AFC Fylde
- Full name: AFC Fylde
- Nickname: The Coasters
- Founded: 1988
- Ground: Mill Farm, Wesham
- Capacity: 6,000 (2,000 seated)
- Chairman: David Haythornthwaite
- Manager: Craig Mahon
- League: National League
- 2025–26: National League North, 1st of 24 (promoted)
- Website: afcfylde.co.uk
| Home colours | Away colours |

= AFC Fylde =

Association football club in Wesham, England

AFC Fylde is a professional football club based in Wesham in the Borough of Fylde, Lancashire, England. They are currently members of the and play at Mill Farm.

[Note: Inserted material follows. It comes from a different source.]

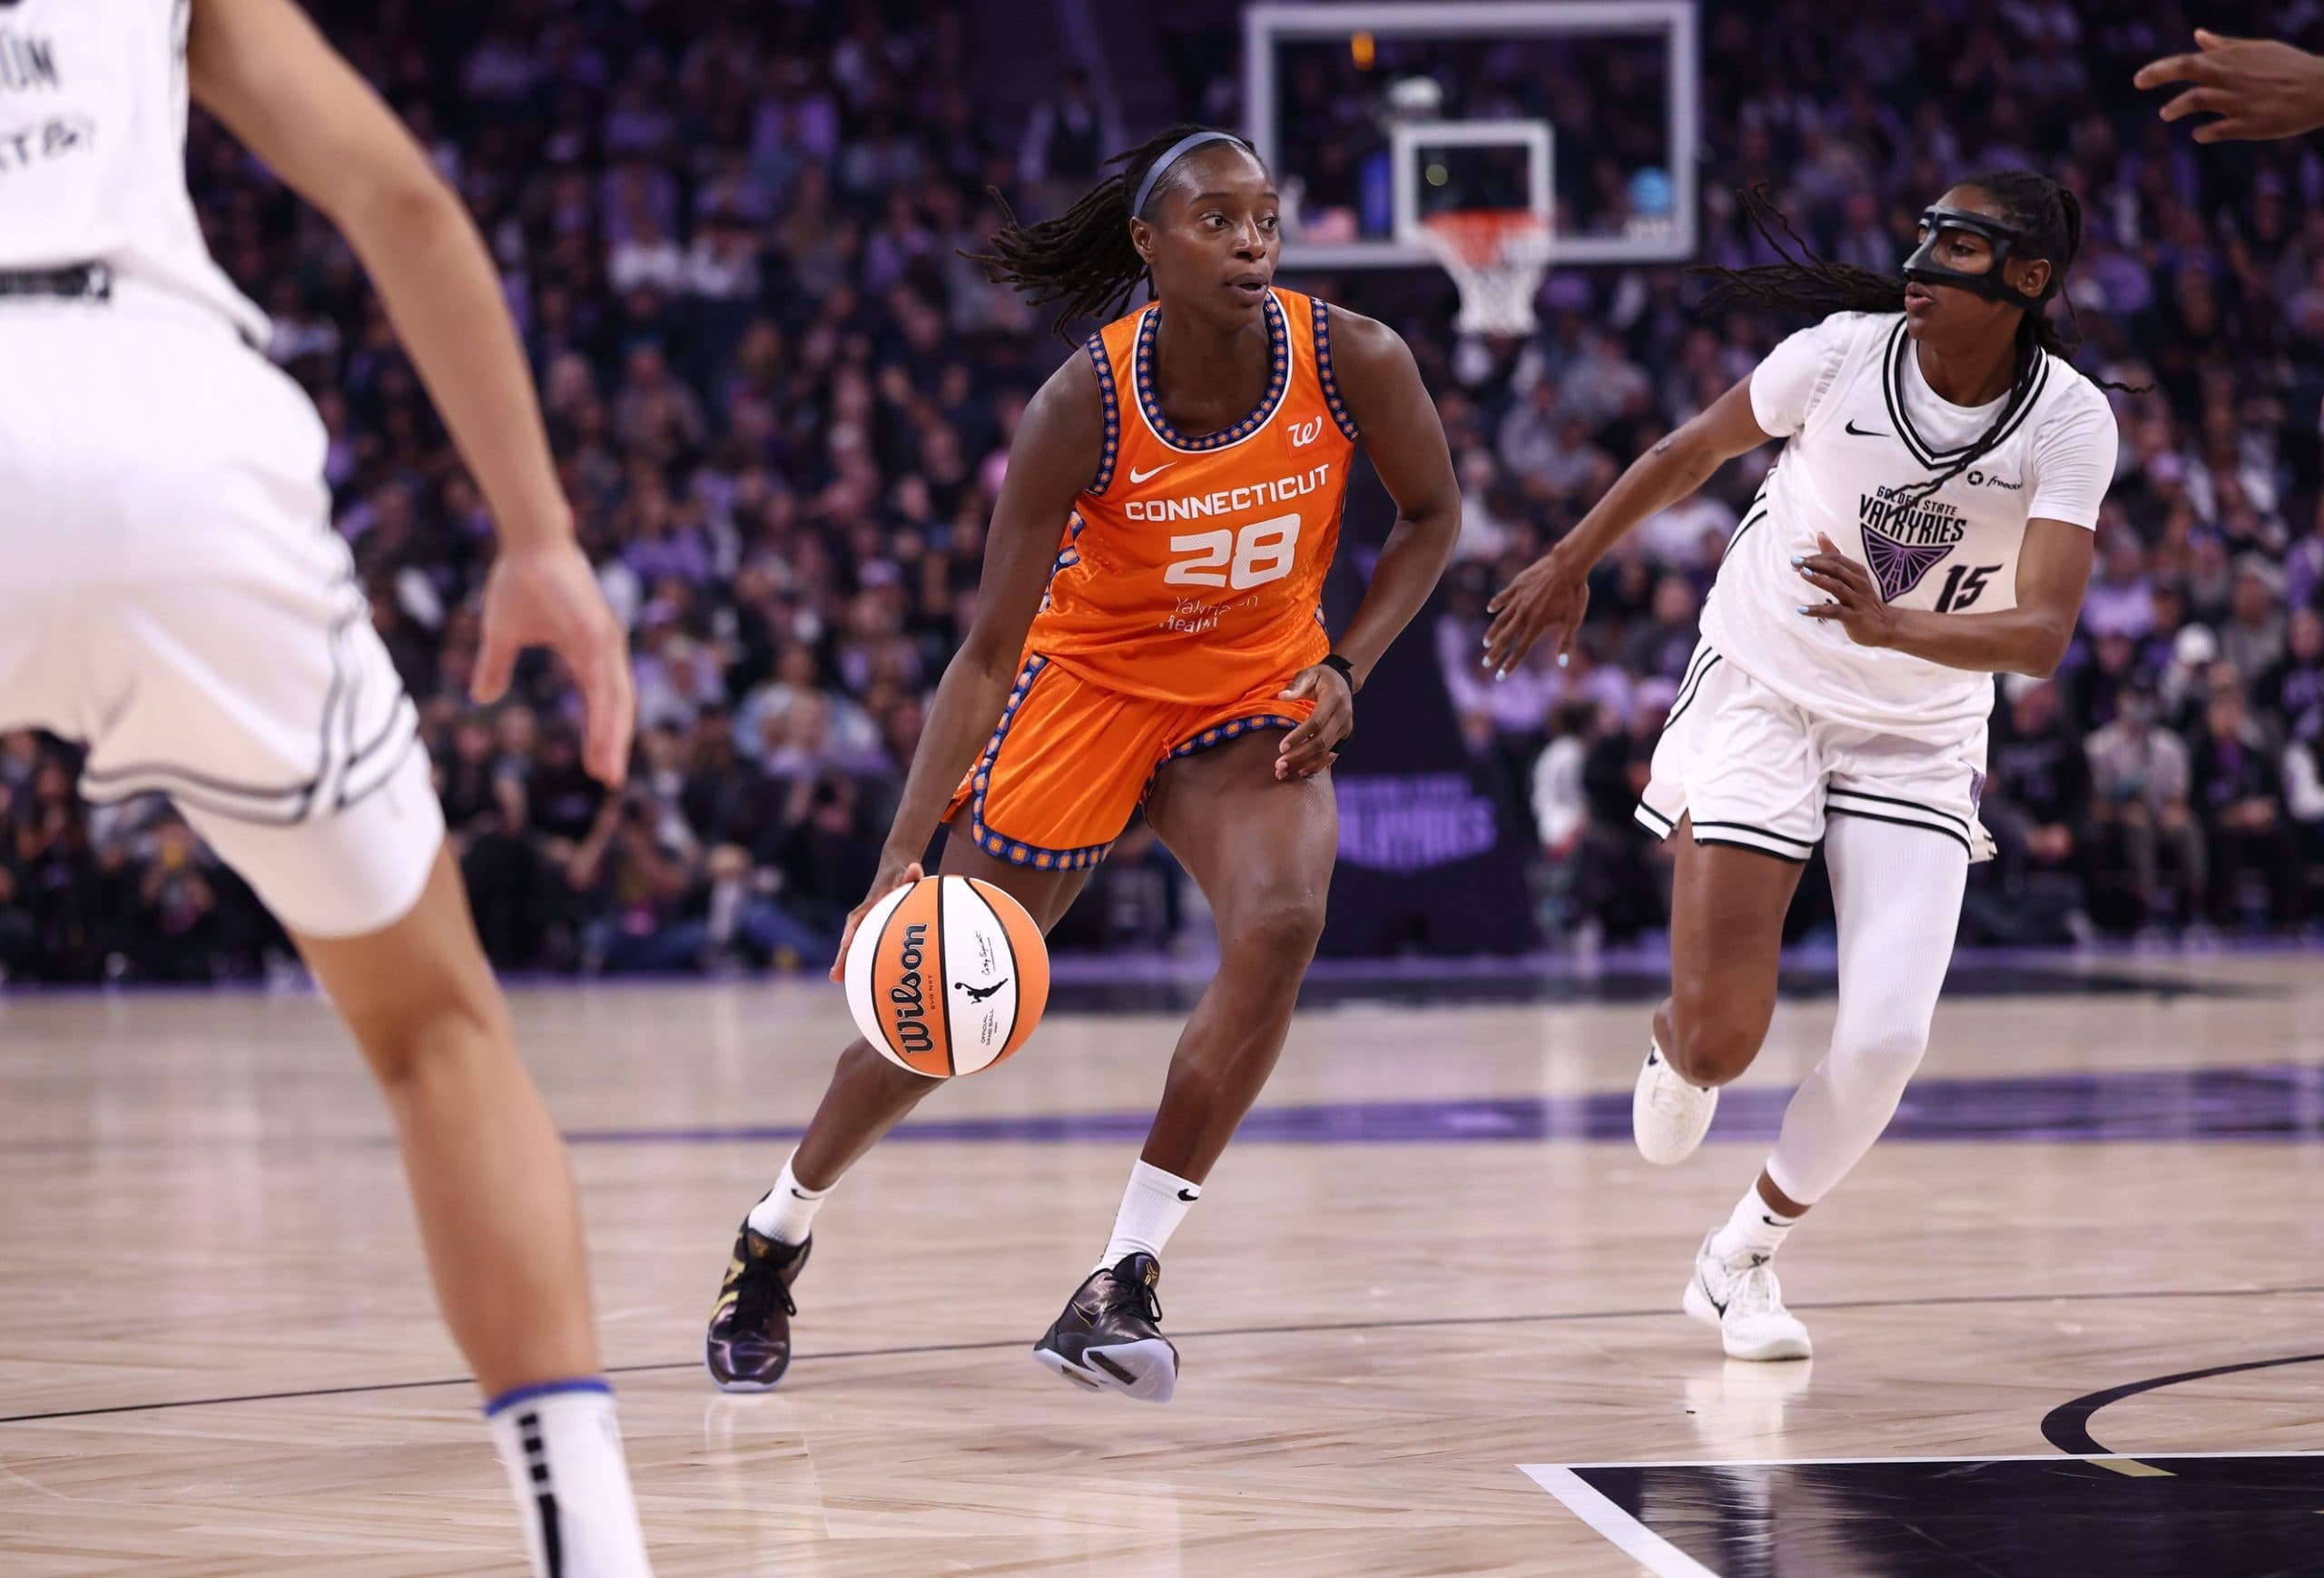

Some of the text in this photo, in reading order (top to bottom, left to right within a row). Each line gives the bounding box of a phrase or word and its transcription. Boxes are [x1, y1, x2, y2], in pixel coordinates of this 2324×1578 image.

Originally known as Kirkham & Wesham following a merger of Kirkham Town and Wesham in 1988, the club adopted its current name in 2008 after winning the FA Vase. In 2007, the club announced the goal of reaching the Conference National by 2017 and the Football League by 2022, the latter objective being printed on club shirts. The club won four promotions between 2007 and 2017 to earn promotion to the fifth tier of English football for the first time. The club experienced two play-off campaigns in their first two seasons in the National League, with the second seeing Fylde miss out on promotion to the Football League after losing to Salford City at Wembley Stadium in the play-off final. However, Fylde returned to Wembley a week later for the 2019 FA Trophy final, defeating Leyton Orient. In the following season, Fylde were relegated back to the National League North. They were National League North champions in 2022–23 and promoted back to the National League. They are the first and so far only club to win both the FA Vase and the FA Trophy.

==History==

The club was formed by the amalgamation of Kirkham Town and Wesham in 1988, adopting the name of a previous club that had played in the West Lancashire League in the years immediately before World War I. The new club assumed Kirkham Town's place in Division One of the West Lancashire League. In 1989–90 they finished bottom of the division and were relegated to Division Two. After three seasons in Division Two they were promoted in the 1992–93 season after finishing third, only to be relegated again in 1994–95. The following season they finished as runners-up in Division Two, losing only two league games all season, and were promoted back to Division One.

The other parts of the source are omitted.